W 2003 r. ogólna śmiertelność szpitalna wynosiła 2,3 proc. (łącznie wśród pacjentów hospitalizaowanych ze wszystkich przyczyn). W 2006 r. obniżyła się do 2,1 proc., a w 2010 r. - do 1,9 proc.
Największy spadek odnotowano w przypadku nowotworów oraz chorób układu krążenia, a zatem tych schorzeń, które są główną przyczyną zgonów. Śmiertelność z powodu wszystkich nowotworów zmniejszyła się z 5 proc. w 2003 r. do 3,5 proc. w 2010 r. Jeśli chodzi o choroby układu krążenia to w tym samem okresie odnotowano spadek z 6,3 proc. do 5,8 proc.
Śmiertelność szpitalna z powodu innych przyczyn nie uległa większym zmianom. W 2010 r. największa była w przypadku chorób układu oddechowego i sięgała 3 proc. Jeśli chodzi o choroby wydzielania wewnętrznego to odsetek zgonów szpitalnych nie przekraczał 2,3 proc. wszystkich hospitalizacji. Choroby układu trawiennego były odpowiedzialne za 1,7 proc. zgonów, zaburzenia rozpoczynające się w okresie okołoporodowym – 1,4 proc., a choroby zakaźne – 1 proc.
Prof.
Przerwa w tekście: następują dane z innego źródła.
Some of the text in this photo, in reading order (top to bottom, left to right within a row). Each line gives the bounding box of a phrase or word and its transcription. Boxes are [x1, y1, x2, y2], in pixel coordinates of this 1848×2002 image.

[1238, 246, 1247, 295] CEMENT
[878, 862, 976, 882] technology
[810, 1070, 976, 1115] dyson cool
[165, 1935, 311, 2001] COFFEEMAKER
Bogdan Wojtyniak z Narodowego Instytutu Zdrowia Publicznego w Warszawie, jeden z głównych autorów opracowania, twierdzi, że w statystyce medycznej szczególnie ważna jest śmiertelność osób hospitalizowanych z powodu zawału serca oraz udaru mózgu w okresie 30 dni. Organizacja Współpracy Gospodarczej i Rozwoju (OECD) uważa, że te wskaźniki mogą być miernikiem jakości leczenia.
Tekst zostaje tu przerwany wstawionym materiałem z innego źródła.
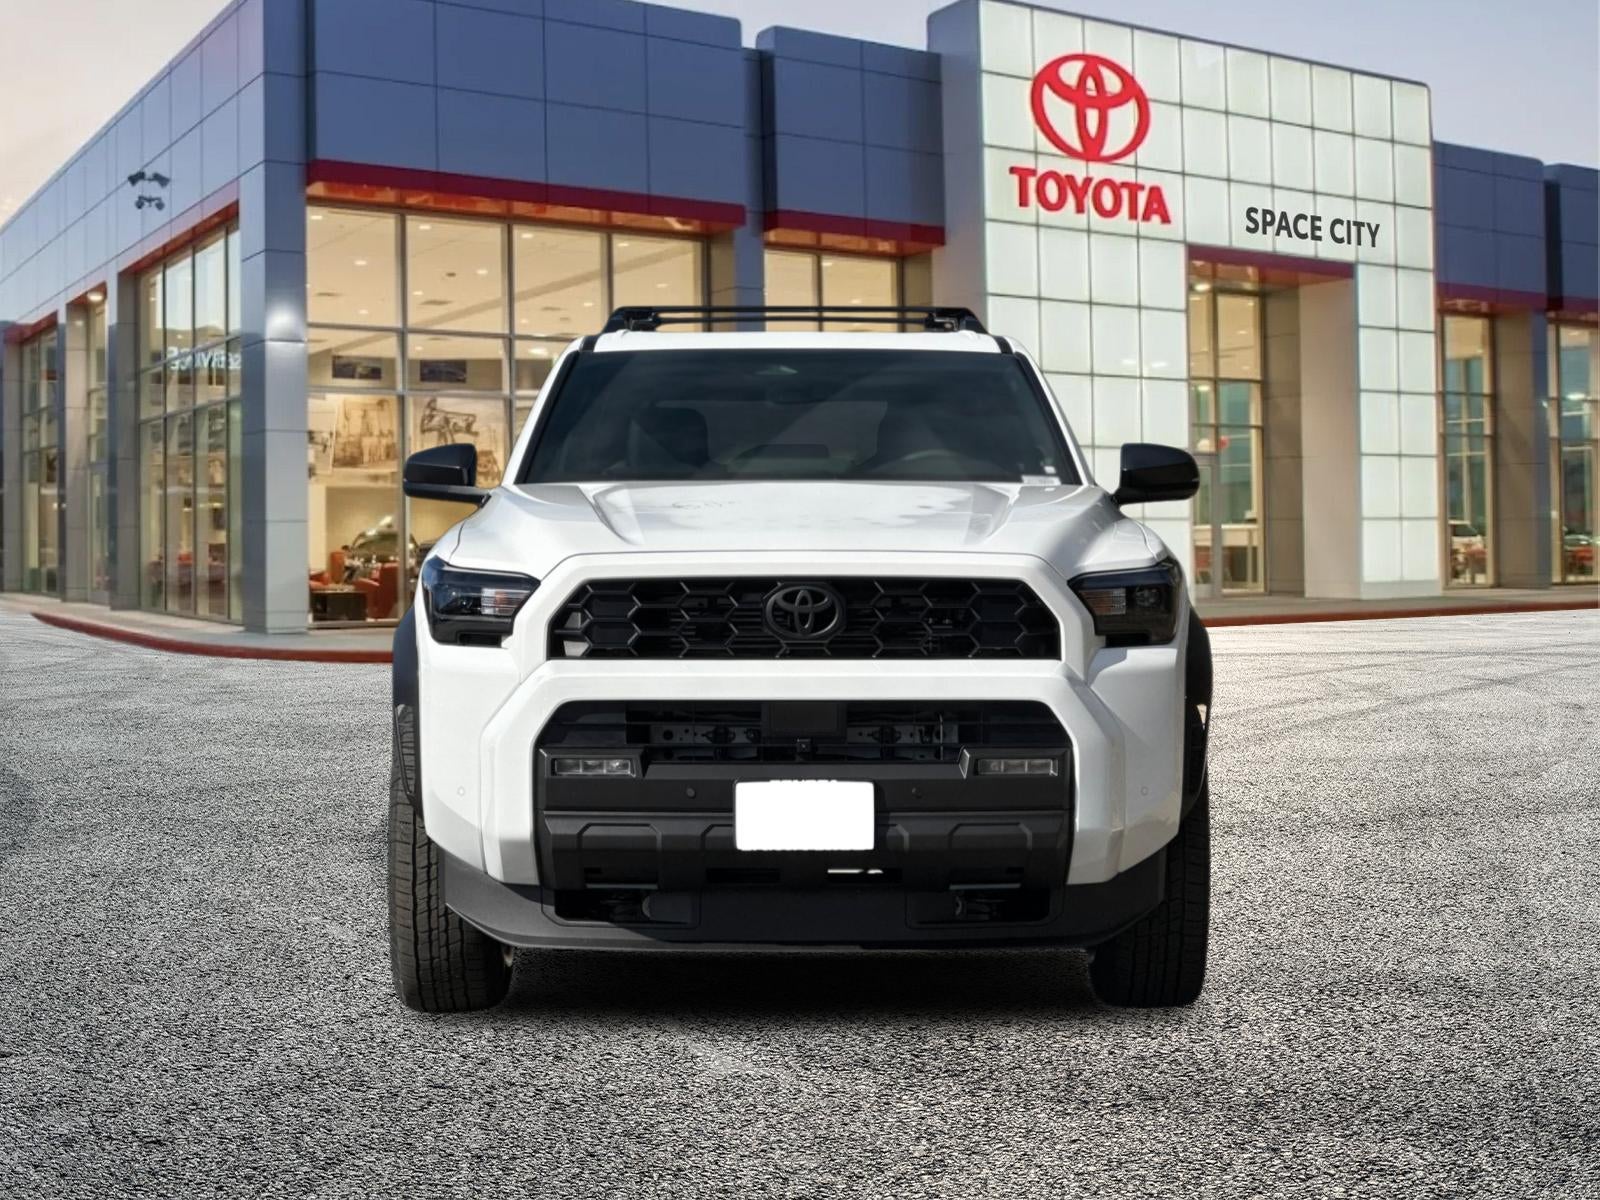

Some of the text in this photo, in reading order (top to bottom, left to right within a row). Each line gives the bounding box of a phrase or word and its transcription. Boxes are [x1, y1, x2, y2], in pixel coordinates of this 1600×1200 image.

[1009, 166, 1171, 224] TOYOTA
[1245, 206, 1381, 248] SPACE CITY
Polska szczególnie dobrze wypada jeśli chodzi o śmiertelność szpitalną z powodu zawału serca. W latach 1980-2010 r. dokonaliśmy ogromnego skoku zmniejszając ją z 22 proc. do jedynie 5,6 proc. (średnia we wszystkich krajach OECD wyniosła 7,8 proc.). W 2010 r. byliśmy pod tym względem na czwartym miejscu wśród krajów OECD, zaraz za Islandia, Danią i Nową Zelandią. Wyprzedziliśmy Norwegię, Kanadę, Szwecję, USA, Czechy i Austrię.
Gorzej wypadamy pod względem odsetka zgonów osób leczonych z powodu udaru mózgu (w okresie 30 dni hospitalizacji). W latach 2004-2010 spadła ona z 23,7 proc. do 16,5 proc., ale nadal jesteśmy wśród krajów o najwyższym tego rodzaju wskaźniku wśród krajów OECD. Nieco lepiej jest w przypadku zatoru mózgowego, na który przypada 11,6 proc. zgonów szpitalnych. Pod tym względem wypadamy nieco lepiej od 7 krajów OECD.
Niestety, jeszcze gorzej jest ze zgonami wywoływanymi przez krwotok mózgowy. W latach 2004-2010 śmiertelność szpitalna z tego powodu zmniejszyła się jedynie nieznacznie z 14,2 do 12,6 proc.
„Niepokojące jest, że mimo prowadzonych już od pewnego czasu programów nakierowanych na poprawę sytuacji w zakresie udarów mózgu dane ogólnopolskie nie wskazują na żadne pozytywne zmiany wyrażające się poprawą śmiertelności z tej przyczyny” – podkreślają autorzy raportu.